Practical point 1: Fix the purpose and comparison axis of the sensitivity analysis up front

Practical point 2: Don’t change too many conditions at once

Practical point 3: Define a baseline case clearly and read the differences

Practical point 4: Set realistic ranges for the conditions you vary

Practical point 5: Look not only at annual values but also at monthly breakdowns and loss structure

Practical point 6: Link results to design changes and on-site checks

How to connect PVSyst sensitivity analysis to practical decisions


Why sensitivity analysis becomes important in PVSyst

When you run photovoltaic simulations with PVSyst, the figures that initially draw attention are often annual energy production and PR. Of course those are important indicators, but in practice you rarely make final decisions based on a single assumed condition. During design and planning there are multiple unresolved conditions—azimuth, tilt, shading conditions, how the PCS is configured, loss coefficients, utilization losses, and so on. Sensitivity analysis is a practical exercise to check how much the results move when such uncertain conditions change and to organize which conditions should be weighted more heavily.

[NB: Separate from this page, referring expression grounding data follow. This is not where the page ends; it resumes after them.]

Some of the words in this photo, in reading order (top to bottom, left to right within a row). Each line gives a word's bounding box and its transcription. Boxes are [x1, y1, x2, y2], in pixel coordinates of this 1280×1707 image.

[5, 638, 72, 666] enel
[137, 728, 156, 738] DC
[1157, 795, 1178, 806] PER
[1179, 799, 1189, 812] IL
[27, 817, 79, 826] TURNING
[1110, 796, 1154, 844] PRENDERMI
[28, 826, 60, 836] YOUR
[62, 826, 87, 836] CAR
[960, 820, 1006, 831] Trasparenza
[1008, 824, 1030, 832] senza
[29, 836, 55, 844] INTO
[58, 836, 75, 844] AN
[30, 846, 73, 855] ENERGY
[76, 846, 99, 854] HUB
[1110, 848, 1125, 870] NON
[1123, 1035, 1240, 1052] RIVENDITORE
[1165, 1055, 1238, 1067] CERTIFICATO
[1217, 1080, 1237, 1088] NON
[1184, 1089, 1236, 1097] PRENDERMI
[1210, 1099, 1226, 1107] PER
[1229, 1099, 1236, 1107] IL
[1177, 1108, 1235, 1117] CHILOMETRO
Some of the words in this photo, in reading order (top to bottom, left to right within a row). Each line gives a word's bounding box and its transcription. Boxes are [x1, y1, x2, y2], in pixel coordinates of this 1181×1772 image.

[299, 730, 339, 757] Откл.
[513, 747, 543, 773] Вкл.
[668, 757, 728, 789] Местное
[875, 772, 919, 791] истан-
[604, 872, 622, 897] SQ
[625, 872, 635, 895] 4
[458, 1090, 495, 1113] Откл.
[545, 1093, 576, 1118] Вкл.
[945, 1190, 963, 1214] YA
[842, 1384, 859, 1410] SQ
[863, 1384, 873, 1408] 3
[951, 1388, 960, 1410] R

In practice, sensitivity analysis is not useful simply for finding the highest numerical result. Its real value is in understanding which conditions have a strong impact on outcomes and which conditions can move somewhat without materially changing overall judgment. For example, if a small change in row spacing greatly alters annual energy, that condition is very important for design. Conversely, if adjusting a certain loss coefficient barely affects the results, that condition can be given low priority. PVSyst sensitivity analysis is a tool for identifying design priorities.


Sensitivity analysis is also effective for strengthening internal explanations and proposal materials. Saying “this option is the best” alone may not convey sufficient rationale to the reader. But explaining that one option is sensitive to shading while another remains stable when PCS conditions change, or that some options show little variability depending on how loss coefficients are set, elevates the quality of the comparison. In practice, more than the absolute numbers, stakeholders often care about how stable those numbers are and how much they change when assumptions move.

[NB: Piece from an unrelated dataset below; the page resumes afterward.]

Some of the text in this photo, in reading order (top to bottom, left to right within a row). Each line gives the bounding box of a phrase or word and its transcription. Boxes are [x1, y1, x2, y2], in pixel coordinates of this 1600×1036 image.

Furthermore, careful sensitivity analysis clarifies what to check next. Conditions that cause large result swings should be prioritized for site checks or additional design work, while conditions that hardly move the results can remain provisional early on. In other words, PVSyst sensitivity analysis is not about producing more calculations but about organizing decision-making efficiently. Below, the following six points outline how to make sensitivity analysis useful in practice.


Practical point 1: Fix the purpose and comparison axis of the sensitivity analysis up front

The first thing to do when performing sensitivity analysis is to clarify why you are analyzing. In practice there are many conditions you care about, and it’s tempting to check everything—azimuth, shading, PCS capacity, loss coefficients, etc. However, if you start analyzing in that state, you’ll generate many numbers but the conclusions tend to blur. Sensitivity analysis is not an exercise in freely changing conditions; it’s important to decide beforehand what you are comparing to verify.

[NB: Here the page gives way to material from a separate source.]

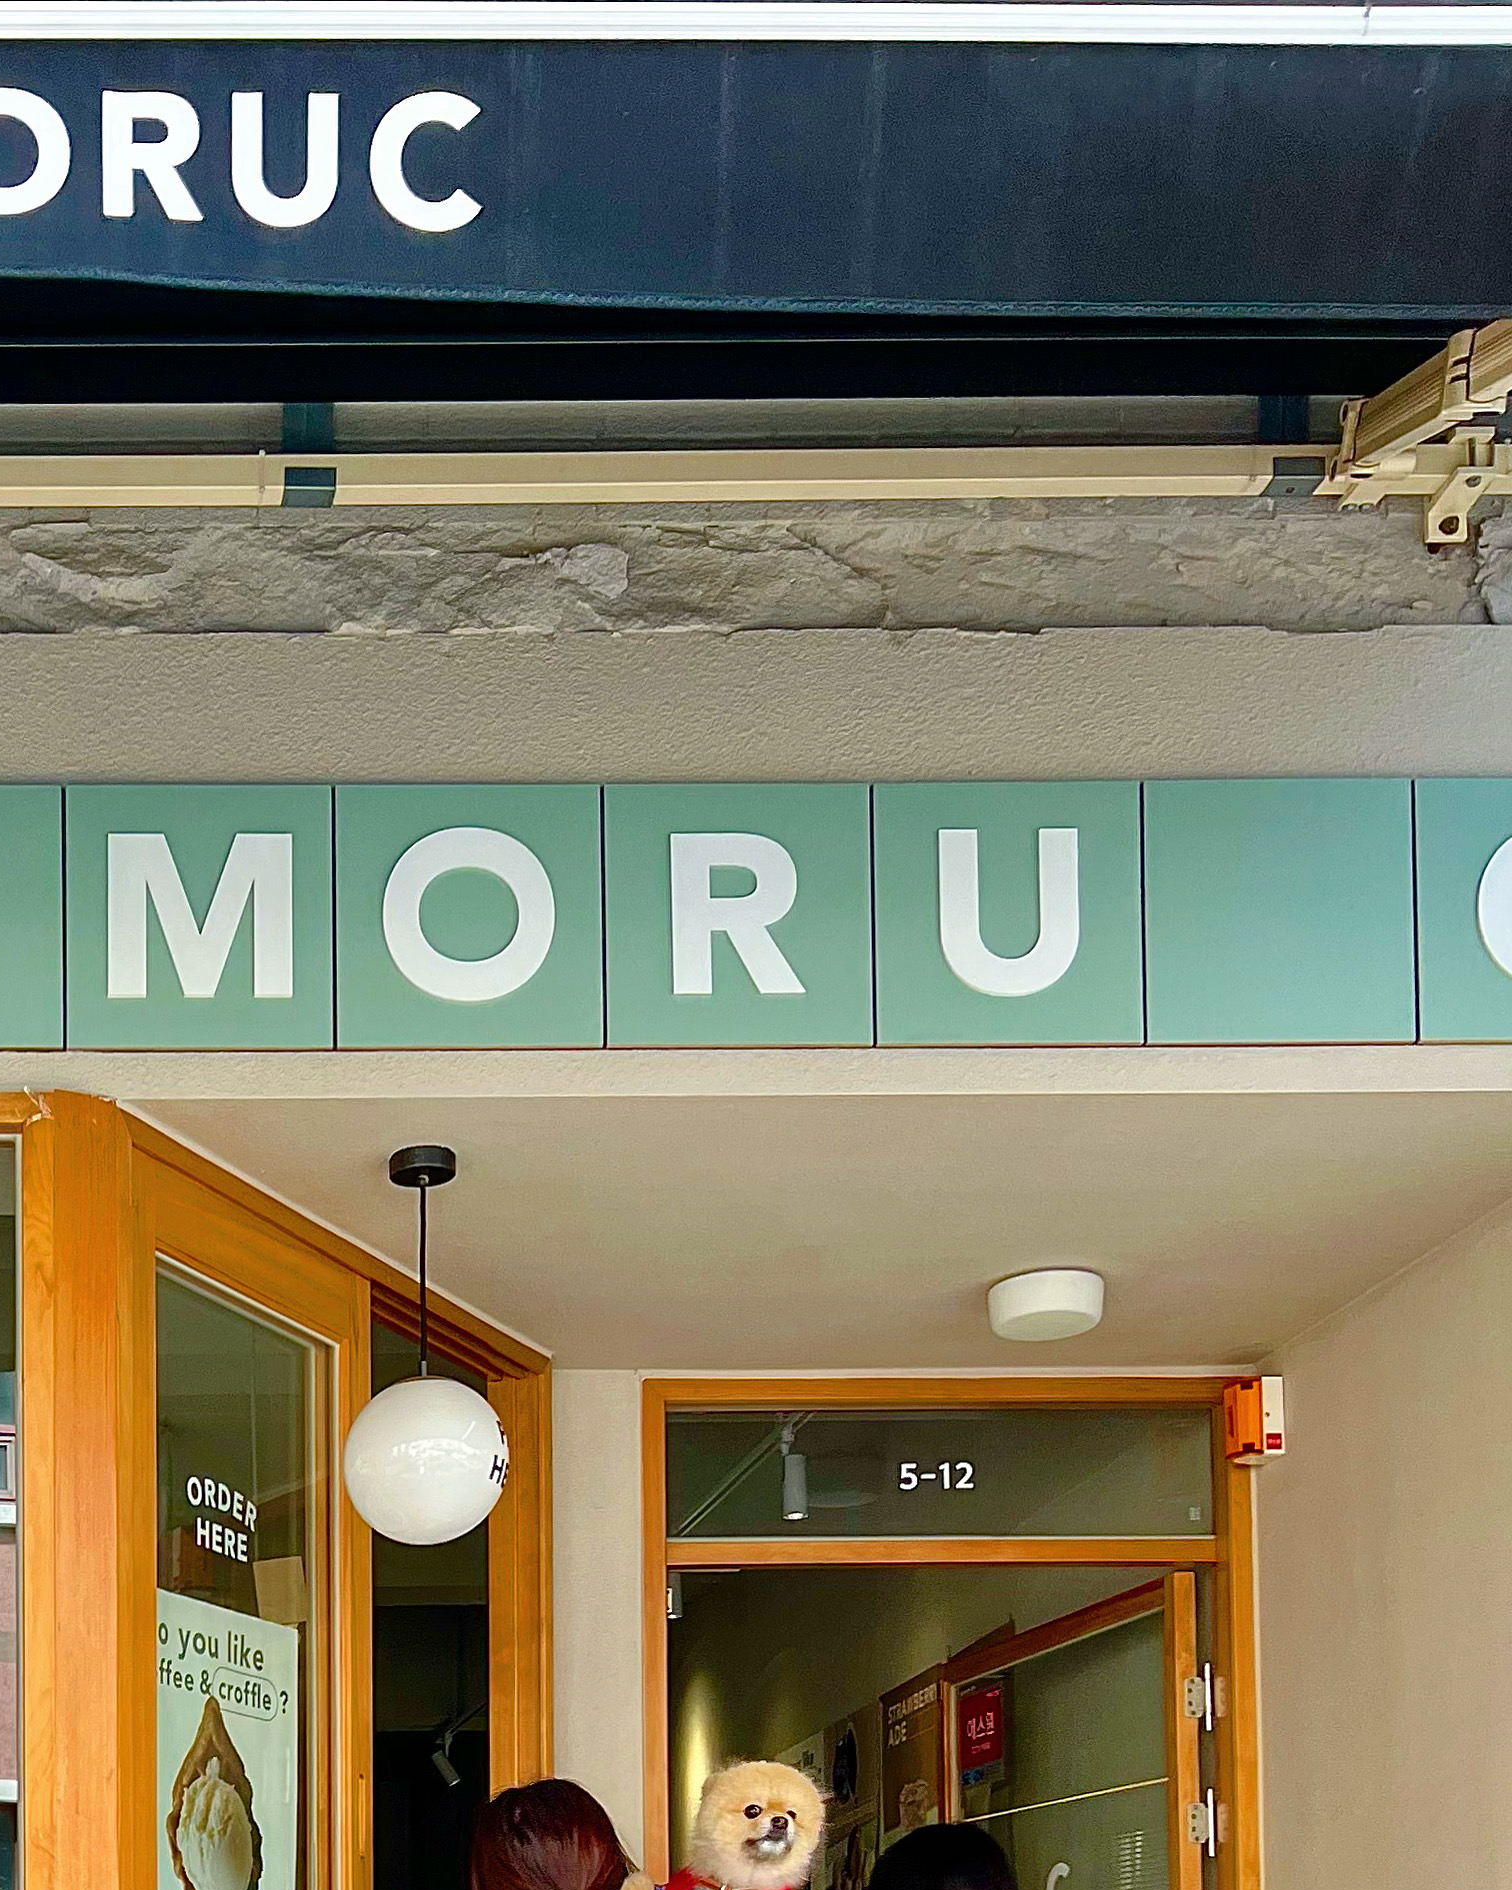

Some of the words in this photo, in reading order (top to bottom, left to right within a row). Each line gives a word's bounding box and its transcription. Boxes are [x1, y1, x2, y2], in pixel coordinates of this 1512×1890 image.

For example, whether you want to see how much difference row spacing makes to annual energy, how much azimuth deviation affects results, or how PCS condition changes affect output limitation will determine which results you should look at. Whether you use annual energy as the main metric, PR, or seasonal monthly differences will also depend on purpose. If this isn’t fixed, the more results PVSyst produces, the more confused you may become, and you might not know which option is stable.


Also, narrowing the comparison axis to one factor is very important. In one comparison you might look only at shading differences, in another only at DC/AC ratio—partitioning the issues makes it easier to interpret differences. In practice, changing multiple assumptions at once can feel more realistic, but it mixes the reasons for differences. As a result, you may not know whether the effect came from shading, PCS settings, or climatic assumptions.


Therefore, before starting sensitivity analysis, write a one-sentence decision on what to vary and what to fix in that comparison. For example, “Check the impact of different tilt angles on annual energy” or “Look at winter loss differences when row spacing is changed.” Doing this helps you read PVSyst results without ambiguity. The first step to a successful sensitivity analysis is not increasing the number of analyses but fixing the purpose and axis.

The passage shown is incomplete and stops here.